今回は、試験に合格した後のステップである「登録」と、行政書士が必ず所属することになる「行政書士会」について解説します。
「試験に受かったら自動的に行政書士になれるんじゃないの?」
いいえ、違います。行政書士法において「登録」は、業務を開始するための絶対条件であり、非常に厳格な手続きが定められています。
また、2026年改正により行政書士の「職責(誠実義務・品位保持義務等)」が法律上明記されたことは、この「登録」の審査基準にも大きな影響を与えます。
「どんな人が登録を拒否されるのか?」「一度登録しても取り消されるのはどんな時か?」
これらの知識は、試験対策としてだけでなく、将来の実務家としても必須の知識です。
この記事では、複雑な登録手続きの流れや、行政書士会という組織の役割について、具体的なイメージ図を交えながら徹底解説します。合格後の自分の姿を想像しながら、楽しく学んでいきましょう!
1. 行政書士の登録制度:業務開始の絶対条件
行政書士試験に合格しただけでは、まだ「行政書士」ではありません。単なる「行政書士となる資格を有する者(有資格者)」です。

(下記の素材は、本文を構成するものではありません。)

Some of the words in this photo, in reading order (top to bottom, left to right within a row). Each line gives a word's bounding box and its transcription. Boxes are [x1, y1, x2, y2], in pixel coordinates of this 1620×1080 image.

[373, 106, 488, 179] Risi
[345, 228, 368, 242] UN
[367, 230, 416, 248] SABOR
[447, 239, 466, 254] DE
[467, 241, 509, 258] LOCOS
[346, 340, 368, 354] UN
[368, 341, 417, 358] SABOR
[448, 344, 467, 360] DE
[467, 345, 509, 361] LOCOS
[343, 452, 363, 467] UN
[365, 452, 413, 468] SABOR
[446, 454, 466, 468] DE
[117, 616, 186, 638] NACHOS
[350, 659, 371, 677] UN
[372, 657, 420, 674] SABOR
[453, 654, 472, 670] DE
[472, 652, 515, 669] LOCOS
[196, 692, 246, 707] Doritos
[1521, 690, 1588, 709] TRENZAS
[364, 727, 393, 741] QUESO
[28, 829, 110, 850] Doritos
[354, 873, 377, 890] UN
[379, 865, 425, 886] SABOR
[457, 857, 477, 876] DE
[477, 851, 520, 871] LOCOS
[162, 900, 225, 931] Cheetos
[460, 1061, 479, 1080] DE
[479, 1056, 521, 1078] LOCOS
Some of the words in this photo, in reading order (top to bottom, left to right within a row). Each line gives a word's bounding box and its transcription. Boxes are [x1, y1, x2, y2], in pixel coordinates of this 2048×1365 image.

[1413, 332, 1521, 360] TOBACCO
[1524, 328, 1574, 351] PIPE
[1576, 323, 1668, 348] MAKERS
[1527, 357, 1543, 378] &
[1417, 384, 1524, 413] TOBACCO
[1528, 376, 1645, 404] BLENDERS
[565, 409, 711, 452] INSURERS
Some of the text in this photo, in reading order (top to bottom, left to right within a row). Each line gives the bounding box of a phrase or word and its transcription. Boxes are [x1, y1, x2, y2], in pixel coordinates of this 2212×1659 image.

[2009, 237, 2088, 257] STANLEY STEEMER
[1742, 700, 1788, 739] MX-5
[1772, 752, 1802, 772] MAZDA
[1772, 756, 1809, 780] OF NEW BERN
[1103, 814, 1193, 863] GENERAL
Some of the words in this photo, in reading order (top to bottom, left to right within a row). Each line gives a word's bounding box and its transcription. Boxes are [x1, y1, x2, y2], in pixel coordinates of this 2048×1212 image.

行政書士として業務を行うためには、日本行政書士会連合会(日行連)が備える行政書士名簿に登録を受けなければなりません。
(1) 登録の仕組みと申請ルート(経由進達)
登録を行うのは、全国組織である「日本行政書士会連合会(日行連)」です。
しかし、登録の申請書をいきなり日行連(東京)に郵送するわけではありません。
【申請のルート】
申請者 ⇒ 事務所を置く都道府県の行政書士会(単位会) ⇒ 日本行政書士会連合会
このように、実際に事務所を構える地域の行政書士会を「経由」して申請しなければなりません。
これは、地元の行政書士会が「この人は本当にここに事務所があるか?」「実態があるか?」を確認するためです。
法改正により、行政書士には「国民の権利利益の実現に資する」という使命(第1条)と、誠実・品位・公正を旨とする職責(第1条の2)が課されました。
登録は、この重い職責を担う適格者であるかをチェックする重要なプロセスです。単なる事務手続きではないことを理解しておきましょう。
(2) 登録拒否事由(登録できないケース)
申請があれば誰でも登録されるわけではありません。日行連は、申請者が以下の事由に該当する場合、登録を拒否しなければなりません。
- 資格を有しない者:試験に受かっていない、欠格期間中であるなど。
- 心身の故障がある者:心身の故障により行政書士の業務を行うことができない者(※医師の診断書等で判断)。
- 適格性を欠く者:行政書士の信用又は品位を害するおそれがある者その他行政書士の職責に照らし適格性を欠く者。
特に3点目の「適格性を欠く者」の判断において、新設された「職責(第1条の2)」の規定が重要な判断基準となります。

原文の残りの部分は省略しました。